In the mid 1990s, biologists documented nearly 2,000 golden eagles migrating past Mount Brown every year in Glacier. Recent data from outside the park, however, indicate significant declines in their numbers. These declines are due to environmental contaminants, habitat loss, prey declines, and climate change. As top predators, golden eagles and other raptors play an important role in Glacier’s ecological balance.
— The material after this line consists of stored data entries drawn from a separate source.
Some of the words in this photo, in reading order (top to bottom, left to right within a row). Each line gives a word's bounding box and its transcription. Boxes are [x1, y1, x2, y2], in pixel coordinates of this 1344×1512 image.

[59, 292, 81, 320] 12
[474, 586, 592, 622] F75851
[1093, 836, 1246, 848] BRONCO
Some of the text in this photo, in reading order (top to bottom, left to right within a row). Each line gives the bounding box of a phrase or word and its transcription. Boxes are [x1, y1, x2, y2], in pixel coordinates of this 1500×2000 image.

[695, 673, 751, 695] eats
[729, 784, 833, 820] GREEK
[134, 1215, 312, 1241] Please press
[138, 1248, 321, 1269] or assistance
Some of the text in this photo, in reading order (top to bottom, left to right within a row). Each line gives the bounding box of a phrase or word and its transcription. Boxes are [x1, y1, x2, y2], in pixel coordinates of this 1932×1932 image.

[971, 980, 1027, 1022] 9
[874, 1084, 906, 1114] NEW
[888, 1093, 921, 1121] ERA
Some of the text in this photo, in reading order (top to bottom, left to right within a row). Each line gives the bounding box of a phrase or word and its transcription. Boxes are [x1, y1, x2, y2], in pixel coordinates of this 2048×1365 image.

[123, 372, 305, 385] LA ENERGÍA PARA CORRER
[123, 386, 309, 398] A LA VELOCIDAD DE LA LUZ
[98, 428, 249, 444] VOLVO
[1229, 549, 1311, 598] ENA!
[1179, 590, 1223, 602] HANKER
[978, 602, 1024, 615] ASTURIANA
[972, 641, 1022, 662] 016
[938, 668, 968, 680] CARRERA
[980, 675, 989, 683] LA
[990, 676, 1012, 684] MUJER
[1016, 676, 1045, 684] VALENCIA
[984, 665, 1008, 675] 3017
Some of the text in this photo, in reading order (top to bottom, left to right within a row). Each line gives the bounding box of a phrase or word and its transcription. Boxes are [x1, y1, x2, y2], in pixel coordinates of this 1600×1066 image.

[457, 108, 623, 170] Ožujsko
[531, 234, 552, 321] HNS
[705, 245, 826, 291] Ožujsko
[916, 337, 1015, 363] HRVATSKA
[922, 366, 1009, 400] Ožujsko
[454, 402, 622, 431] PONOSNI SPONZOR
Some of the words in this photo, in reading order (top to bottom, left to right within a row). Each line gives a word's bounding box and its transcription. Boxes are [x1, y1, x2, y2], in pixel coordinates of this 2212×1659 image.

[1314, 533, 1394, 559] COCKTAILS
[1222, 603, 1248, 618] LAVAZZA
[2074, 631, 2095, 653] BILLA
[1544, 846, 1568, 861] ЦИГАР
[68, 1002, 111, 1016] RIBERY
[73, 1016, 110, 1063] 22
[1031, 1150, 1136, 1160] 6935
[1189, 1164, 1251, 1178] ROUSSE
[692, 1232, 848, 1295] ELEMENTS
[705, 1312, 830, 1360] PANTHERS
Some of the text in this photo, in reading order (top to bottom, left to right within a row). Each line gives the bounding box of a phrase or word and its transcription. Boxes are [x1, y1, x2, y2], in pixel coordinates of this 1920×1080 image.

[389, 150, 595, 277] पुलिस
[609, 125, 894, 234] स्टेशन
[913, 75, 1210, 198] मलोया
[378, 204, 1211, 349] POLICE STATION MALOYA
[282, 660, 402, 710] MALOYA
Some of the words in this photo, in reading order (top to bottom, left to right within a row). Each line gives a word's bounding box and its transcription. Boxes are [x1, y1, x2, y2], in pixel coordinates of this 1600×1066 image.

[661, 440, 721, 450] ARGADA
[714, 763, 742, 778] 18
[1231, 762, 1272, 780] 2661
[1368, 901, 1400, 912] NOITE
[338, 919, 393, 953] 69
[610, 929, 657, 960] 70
In order to detect changes in raptor numbers and help in their conservation, Glacier established its Hawk Watch Program in 2017. The program is made possible by support from generous donors like you, the Glacier National Park Volunteer Associates, and volunteers from the park’s citizen science program. Keep reading to learn how you can get involved!

Your Support Is Making a Difference

Glacier’s Hawk Watch Program combines the efforts of volunteers and park biologists to count raptors during their annual migration south. Monitoring sites are located near Mount Brown Lookout and Lake McDonald Lodge. Observers contribute to the ongoing study by recording data on raptor type, sex, age, color, and behavior.

Your support ensures observers at monitoring sites have the supplies they need to stay safe and warm on survey days. Funding also ensures park biologists are able to coordinate logistics, train new volunteers, and assure quality control.

Want To Get Involved?

On October 5th, from noon to 4pm, Glacier will kick off its second annual Hawk Watch Program with a volunteer training event. Park biologists will be on hand to teach volunteers how to identify and count migrating raptors. This is also a great time to learn about the important role raptors play in our ecosystems and the risks they face.

The meeting point will be across from Lake McDonald Lodge at the golden eagle interpretive sign near Jammer Joe’s parking lot. Snacks and hot beverages will be provided. Participants should bring their own binoculars. Attendees may come and go as they please and do not need to stay for the whole time.